The paper tackles the efficiency-accuracy trade-off in prompting strategies for Large Language Models by introducing the Prompt Policy Network, a lightweight reinforcement learning framework that adaptively selects strategies, achieving up to 61.5% token cost reduction compared to Self-Consistency while maintaining competitive accuracy on arithmetic reasoning benchmarks.
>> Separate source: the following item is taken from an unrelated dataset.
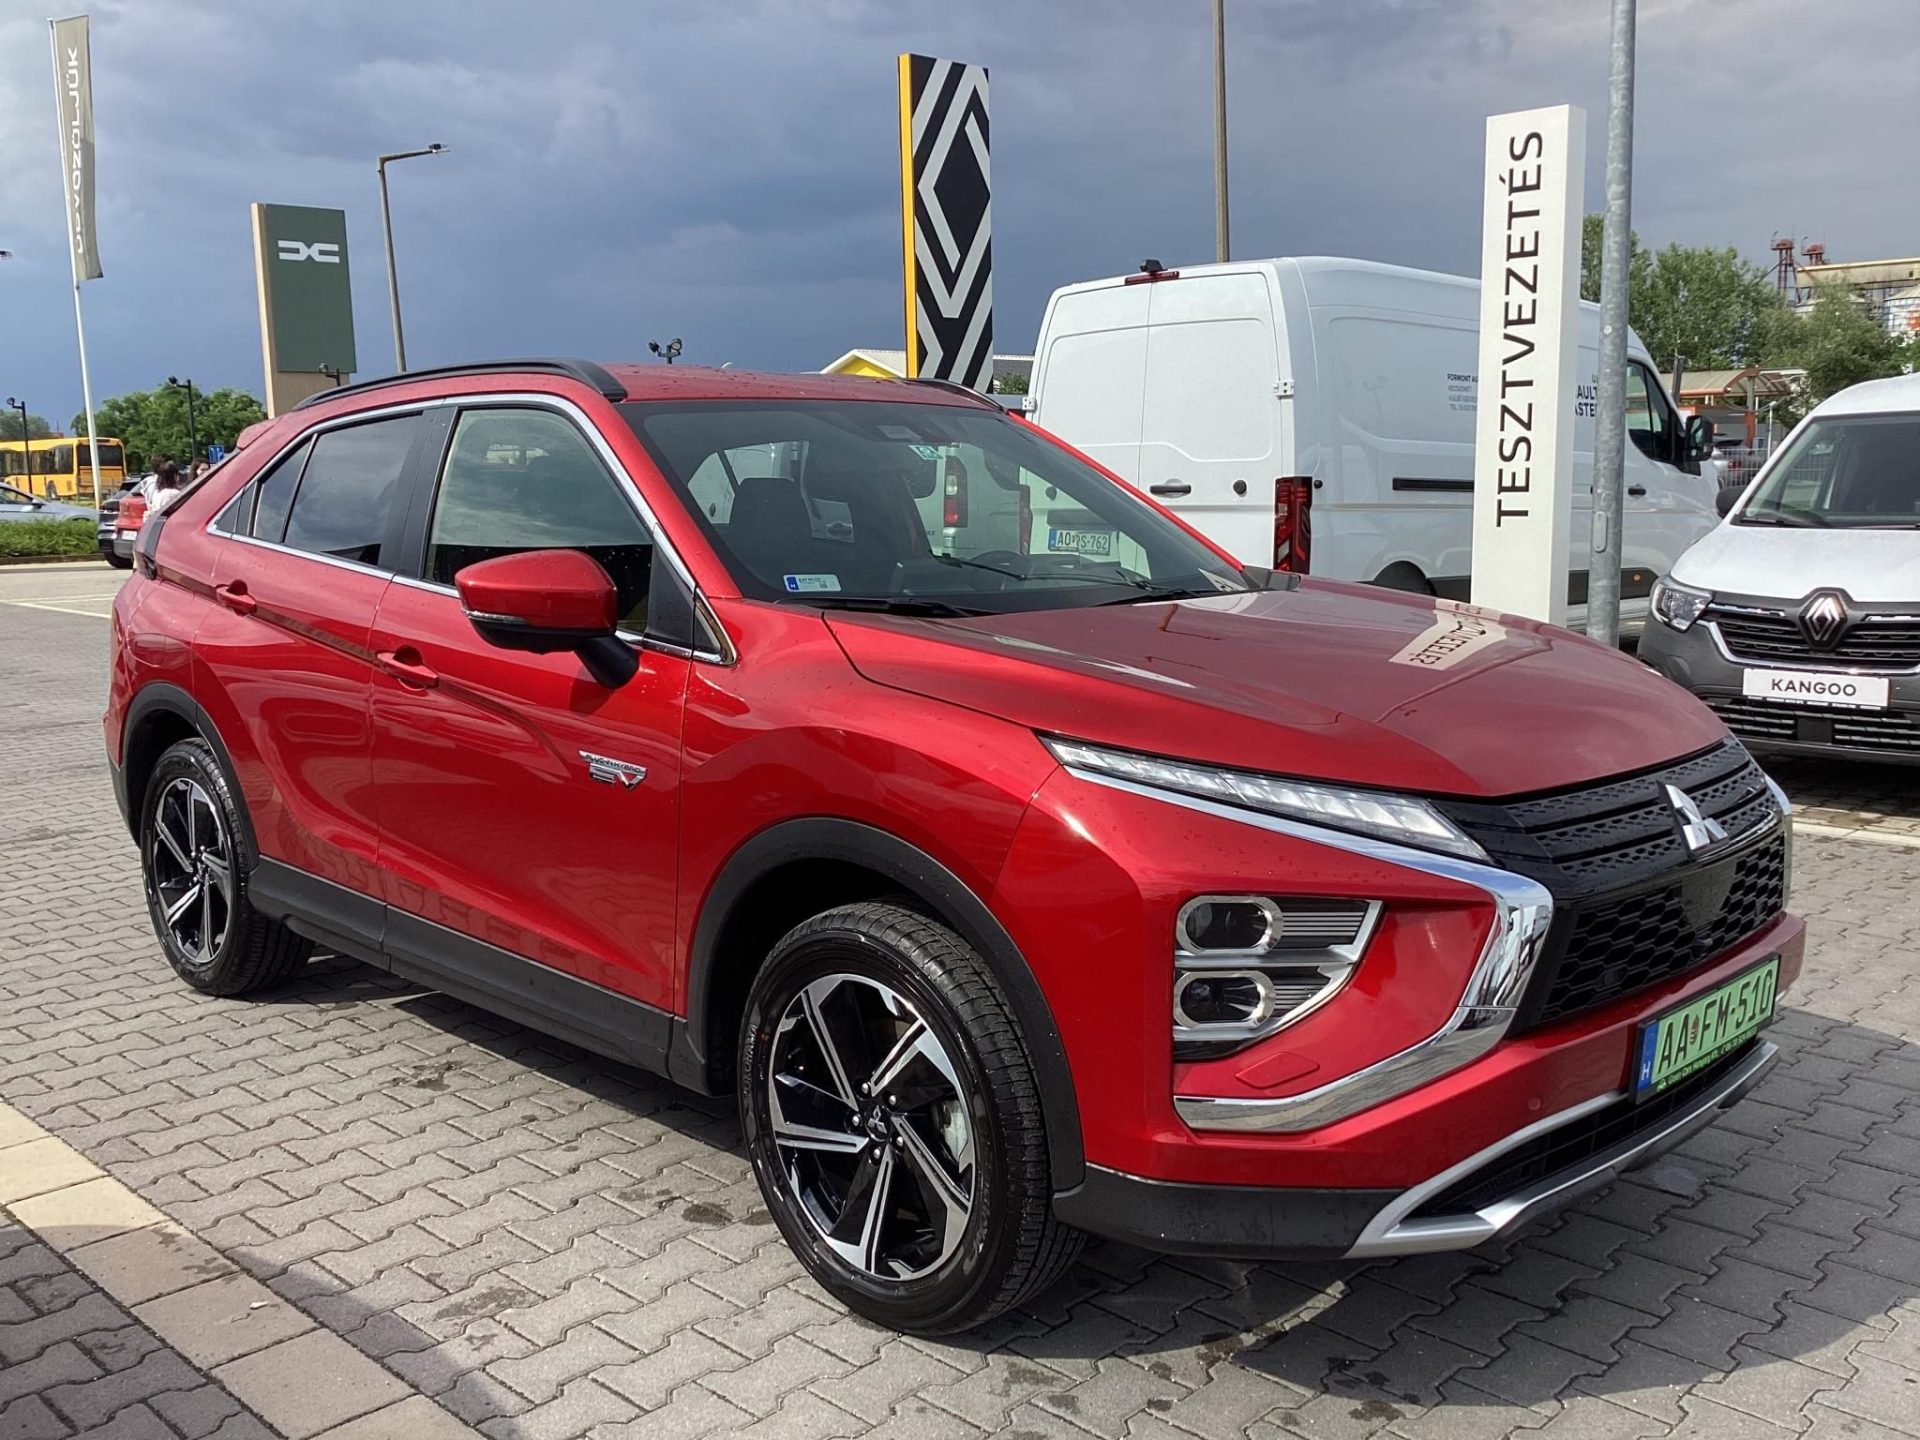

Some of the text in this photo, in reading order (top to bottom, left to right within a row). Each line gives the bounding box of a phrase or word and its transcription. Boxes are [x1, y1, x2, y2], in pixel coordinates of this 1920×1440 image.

[1496, 131, 1544, 527] TESZTVEZETÉS
[1575, 403, 1597, 417] STE
[1771, 678, 1857, 697] KANGOO
[1657, 1012, 1690, 1074] AA
The performance of Large Language Models (LLMs) depends heavily on the chosen prompting strategy, yet static approaches such as Zero-Shot, Few-Shot, or Chain-of-Thought (CoT) impose a rigid efficiency-accuracy trade-off. Highly accurate strategies like Self-Consistency (SC) incur substantial computational waste on simple tasks, while lightweight methods often fail on complex inputs. This paper introduces the Prompt Policy Network (PPN), a lightweight reinforcement learning framework that formalizes adaptive strategy selection as a single-step Markov Decision Process (MDP). The PPN, trained with Proximal Policy Optimization (PPO) and guided by a resource-explicit reward function, learns to allocate costly reasoning strategies only when necessary. Experiments on arithmetic reasoning benchmarks demonstrate that PPN achieves superior performance on the efficiency-accuracy Pareto front, delivering up to 61.5% token cost reduction compared to Self-Consistency while maintaining competitive accuracy. This work contributes a systematic, adaptive framework for cost-efficient LLM deployment, advancing the design of lightweight optimization techniques for scalable and sustainable language model applications.